If the Bill had passed, all Victorians would have had to go along with these changing fantasies.
It stated, “If the record of a person's sex in the person's birth registration is altered under this Part the person is a person of the sex as altered”.
I warned about the practical implications for women and girls:
“In our society, unlike some others, we do not have a rigid segregation of the sexes. We mix freely as women and men in business, commerce, political and social life. However, there remain areas and activities where access or participation is, for good reasons, limited to persons of one sex or the other. Facilities such as bathrooms and change rooms, single-sex gyms and women's refuges create a safe space for women and girls in particular. No doubt men also value the privacy of men-only facilities.
If the law is changed to require all Victorians to treat a man as a woman just because he declares that he believes he is and has accordingly had his birth certificate changed to declare this as a legal fact, it is clear that such spaces will no longer be safe for women.”
The Bill was not only targeted at adults but would also have allowed “a child's sex to be changed annually to male, female or any sex descriptor of choice on the application of the parents of a child.”

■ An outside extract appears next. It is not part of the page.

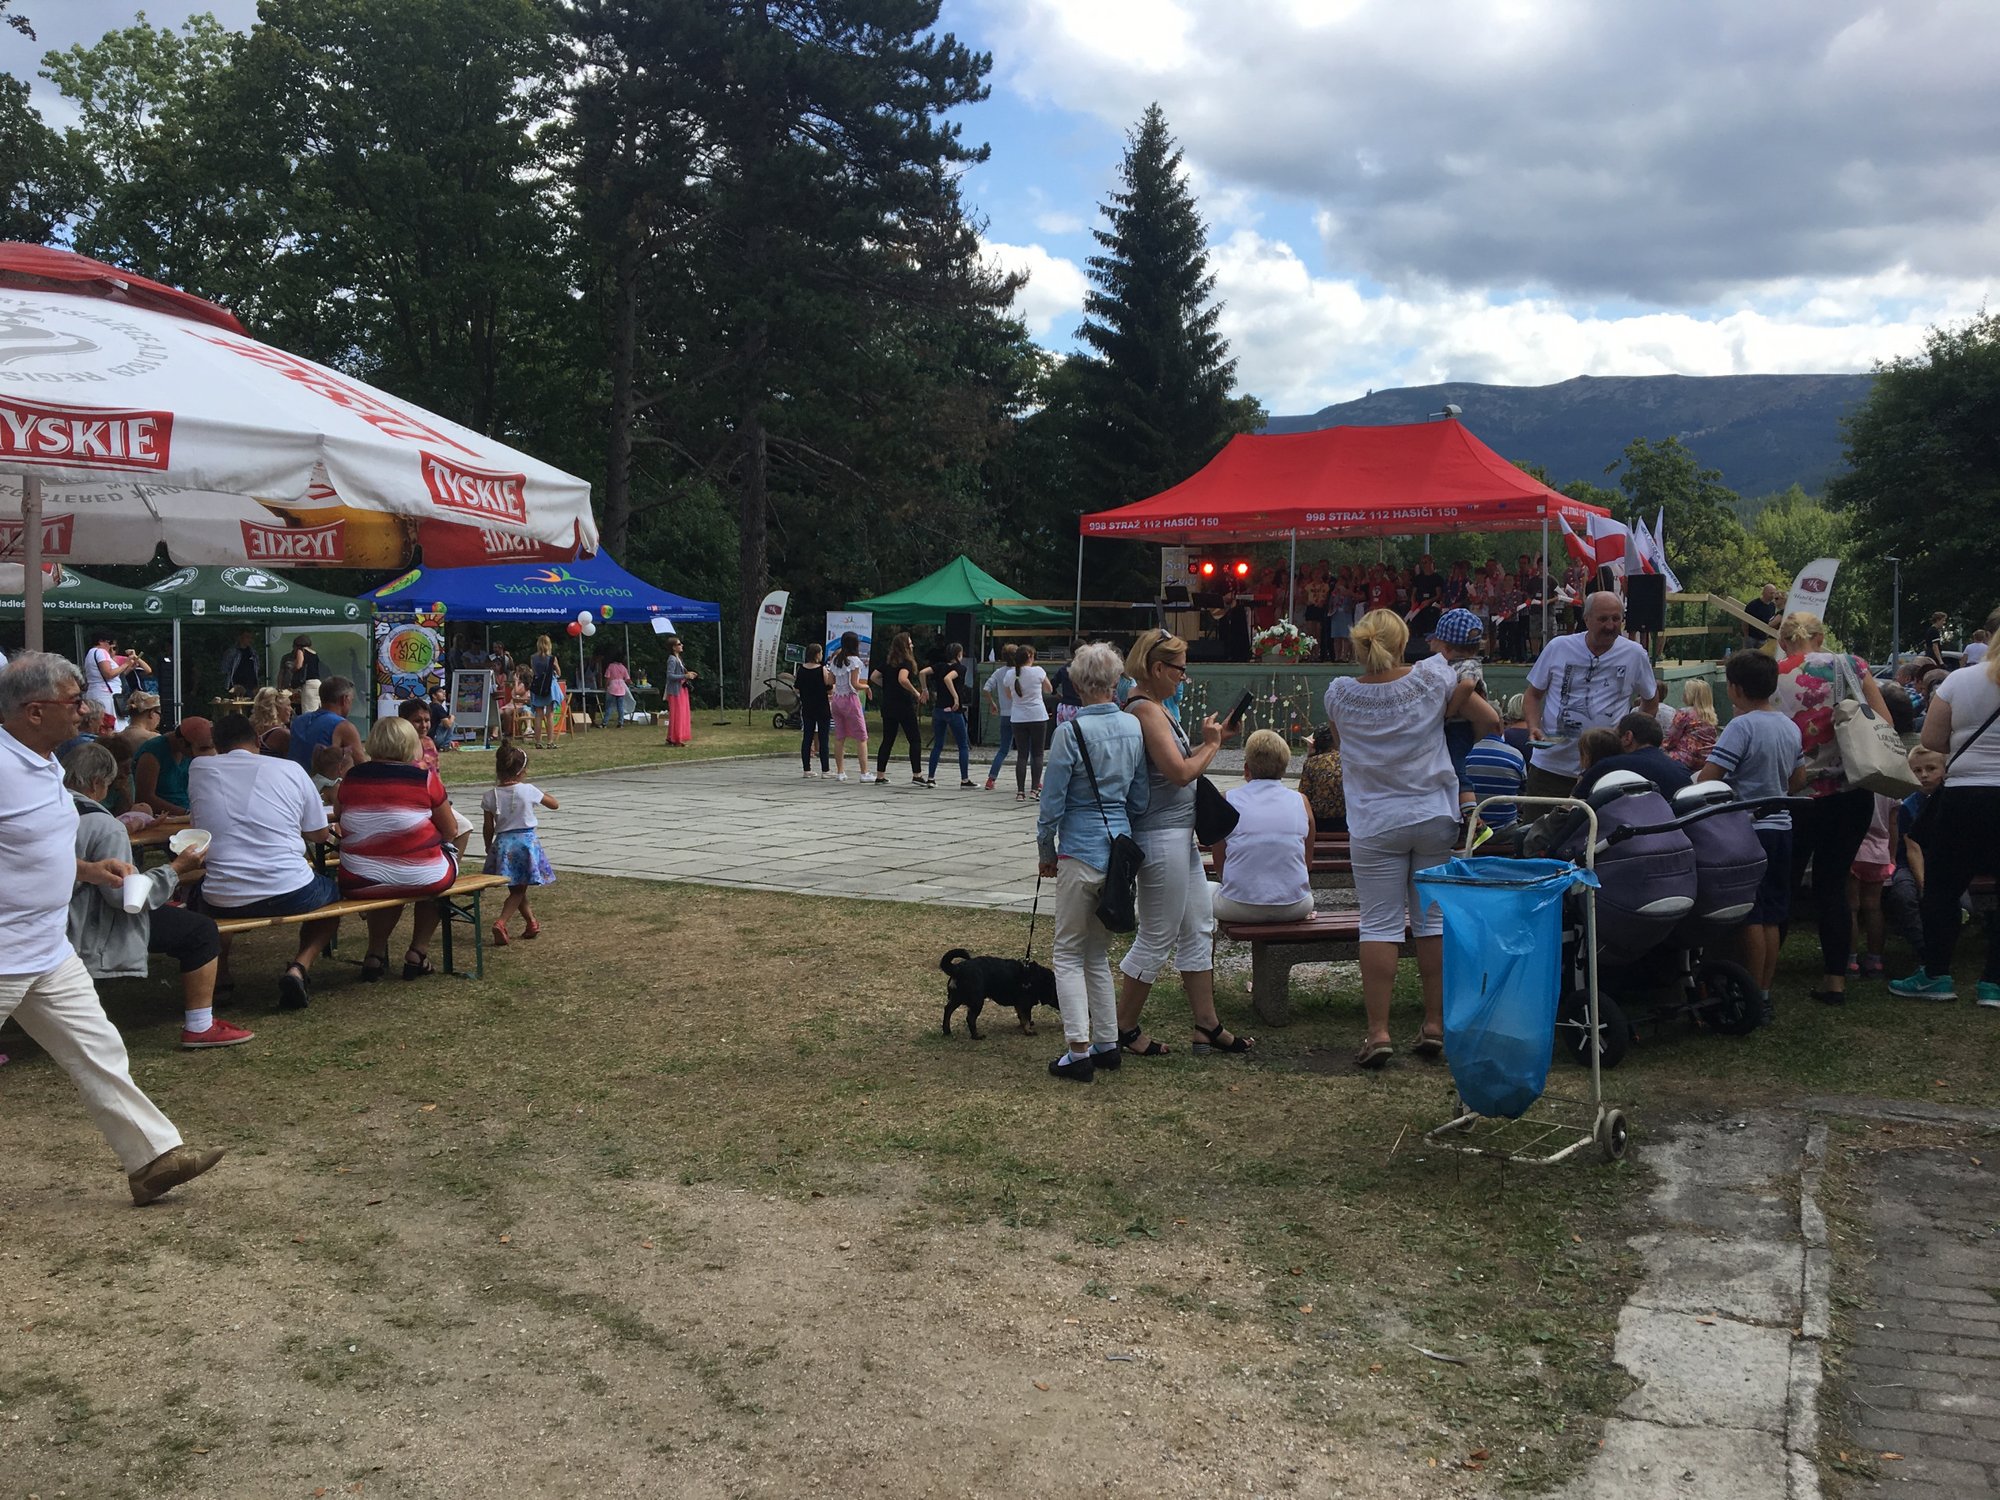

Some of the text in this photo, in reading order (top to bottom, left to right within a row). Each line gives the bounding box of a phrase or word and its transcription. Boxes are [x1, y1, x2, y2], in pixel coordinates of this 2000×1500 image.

I noted that “the World Professional Association for Transgender Health notes in its standards of care that gender dysphoria in childhood does not inevitably continue into adulthood and that only 6 to 23 percent of boys and 12 to 27 percent of girls treated in gender clinics showed persistence of their gender dysphoria into adulthood. These figures should make us very cautious about responding to a child's expression of feeling like a boy when she is a girl or like a girl when he is a boy by rushing to publicly transition the child through recording a new legal sex. I am afraid that in many cases this may burden the child with the necessity of undoing this change once the transitory feelings of childhood gender confusion pass away.”
I agree with Little Athletics Victoria that we shouldn’t overcomplicate things. However, rather than reinforcing often transitory childhood feelings of being a different sex I would support a policy of treating boys as boys and calling them boys and treating girls as girls and calling them girls. This does not require imposing any stereotypes based on sex or restricting children in their choices of activities and behaviour.